A critical flaw in the H2 open-source Java SQL database is similar to the Log4J vulnerability, but do not pose a widespread threat.
Researchers discovered a bug related to the Log4J logging library vulnerability, which in this case opens the door for an adversary to execute remote code on vulnerable systems. However, this flaw does not pose the same risk as the previously identified in Log4Shell, they explained.
Rated Critical
JFrog security found the flaw & rated critical in the context of the H2 Java database console, a popular open-source database, according to a Thurs. blog post by researchers.
H2 is favoured by developers for its lightweight in-memory solution–which precludes the requirement for data to be stored on disk & is used in web platforms such as Spring Boot & IoT platforms such as Thing Works.
Log4Shell
However, the flaw (CVE-2021-42392) is similar to Log4Shell. “It should not be as widespread” due to a few conditions & factors, JFrog researchers Andrey Polkovnychenko & Shachar Menashe wrote in their post.
Log4Shell (CVE-2021-44228) was tied to the Apache Log4j logging library in early Dec. & immediately exploited by attackers. It created 60 variants of the original exploit created for the defect in a 24-hour period as well as a faulty fix that could cause DoS attacks when it was 1st released.

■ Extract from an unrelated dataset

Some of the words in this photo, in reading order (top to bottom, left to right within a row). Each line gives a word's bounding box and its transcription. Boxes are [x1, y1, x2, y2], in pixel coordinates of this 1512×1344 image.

How is the H2 Bug Similar to Log4J?
The ultimate cause of the H2 flaw is based in JNDI remote class loading, making it similar to Log4Shell in that it allows several code paths in the H2 database framework pass unfiltered attacker-controlled URLs to the javax.naming.Context.lookup function.
This allows for remote codebase loading, also known as Java code injection or remote code execution, researchers stated.

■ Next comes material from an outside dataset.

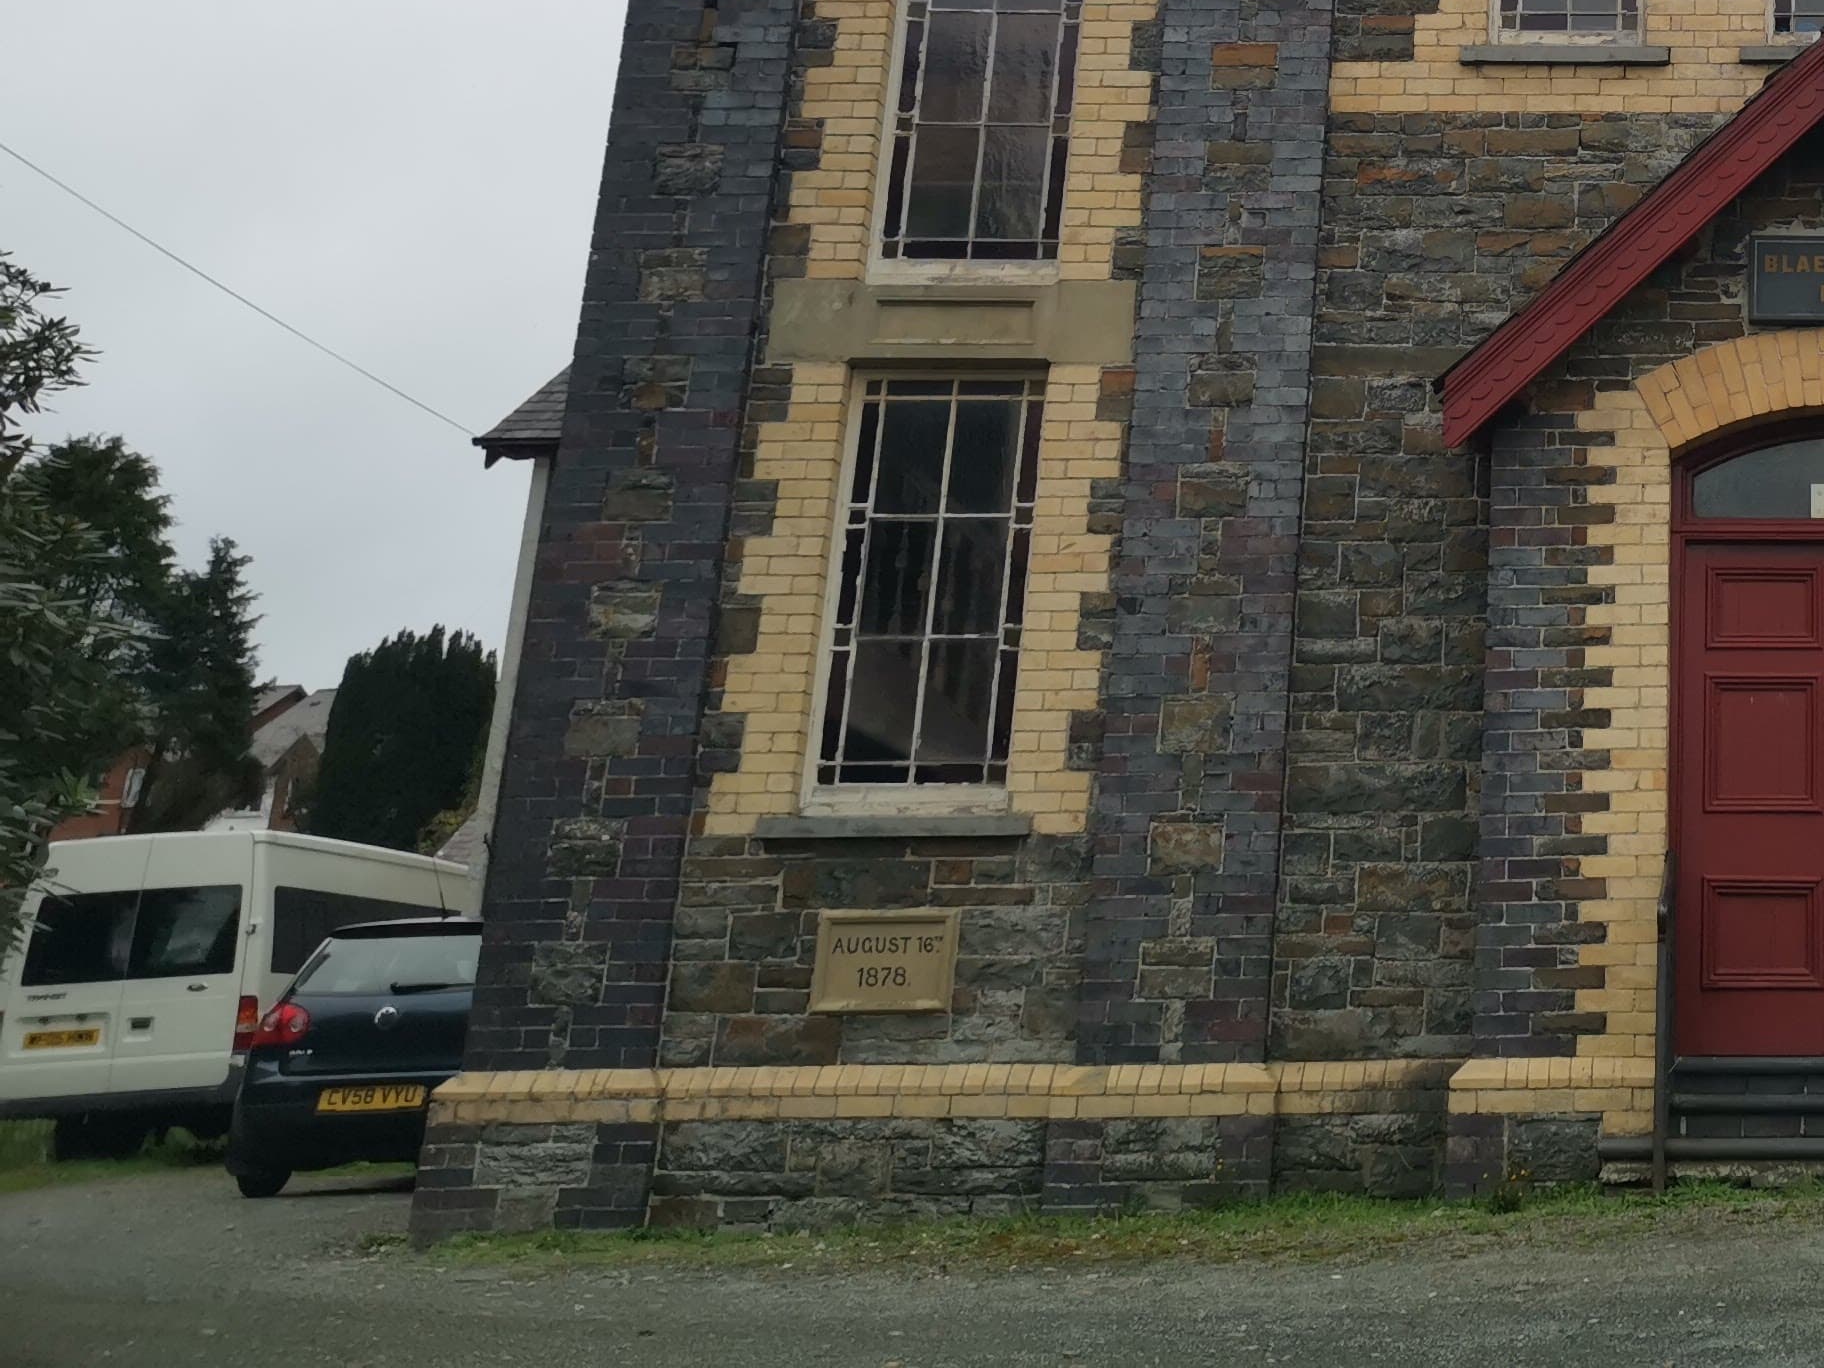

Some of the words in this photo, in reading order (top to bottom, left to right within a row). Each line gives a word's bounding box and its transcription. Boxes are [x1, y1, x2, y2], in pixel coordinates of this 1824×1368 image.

[831, 935, 912, 954] AUGUST
[326, 1088, 376, 1106] CV58
[381, 1085, 418, 1104] VYU

“Specifically, the org.h2.util.JdbcUtils.getConnection method takes a driver class name & database URL as parameters,” they explained.
“If the driver’s class is assignable to the javax.naming.Context class, the method instantiates an object from it & calls its lookup method.”
Reasons to Be Careful
However, unlike Log4Shell, the H2 flaw has a “direct” scope of impact, meaning that typically the server that processes the initial request—that is, the H2 console—will feel the direct brunt of the remote code execution (RCE) bug, researchers wrote in a post published Thurs.
“This is less severe compared to Log4Shell since the vulnerable servers should be easier to find,” researchers wrote.
Secondly, by default on normal distributions of the H2 database, the H2 console only listens to localhost connections, thus making the default setting safe, they noted.
Exploitable
“This is unlike Log4Shell which was exploitable in the default configuration of Log4j,” researchers wrote. However, the H2 console can easily be modified to listen to remote connections as well, which would widen the risk, researchers added.
This aspect definitely weakens its severity in comparison to the Log4j issue, noted one security professional.
“Log4j was unique in that any number of attack-manipulated strings, from headers to URL paths, could result in exploitation of the victim depending on how the application was set up to utilise logging with Log4j,”
Changing the Configuration
Matthew Warner, CTO & Co-Founder at automated threat detection & response technology provider Blumira, wrote: “In this case, the H2 database console must be purposefully exposed to the internet by changing the configuration.”
Thirdly, while many vendors may be running the H2 database, they may not run the H2 console with it, JFrog researchers observed. There are other attack methods that can use the H2 flaw; however, they are “context-dependent & less likely to be exposed to remote attackers,” researchers observed.
Who Is At Risk?
If the H2 flaw does not deserve the same alarm as Log4Shell, why is it worth noting, one may ask. The JFrog team said that it can be extremely critical & allow for unauthenticated RCE to those running an H2 console exposed to a local area network (LAN) or, even worse, a wide area network (WAN).
Also, attacking the H2 console directly is the most severe attack pattern, researchers commented.
Blumira’s Warner explained that according to open-source intelligence (OSINT), there are likely under 100 servers on the internet affected by the H2 flaw, “so only a very limited number of organisations” are directly affected, he outlined.
Sensitive Services
“This vulnerability is a good reminder that it is important to ensure that sensitive services are only internally exposed to mitigate potential future risks,” Warner added.
Also, JFrog researchers stated that many developer tools rely on the H2 database & specifically expose the H2 console. This is problematic due to the “recent trend of supply chain attacks targeting developers, such as malicious packages in popular repositories.”
These attacks emphasise “the importance of developer tools being made secure for all reasonable use cases,” researchers wrote, which is why they hope many H2-dependent tools will be safer after applying their recommended fix.
Upgrade
So, the JFrog team recommends that all users of the H2 database upgrade to version 2.0.206, which fixes CVE-2021-42392 by limiting JNDI URLs to use the local java protocol only, denying any remote LDAP/RMI queries, researchers explained.
“This is similar to the fix applied in Log4j 2.17.0,” they wrote.
Those not directly using the H2 console should update too “due to the fact that other attack vectors exist, & their exploitability may be difficult to ascertain,” researchers concluded.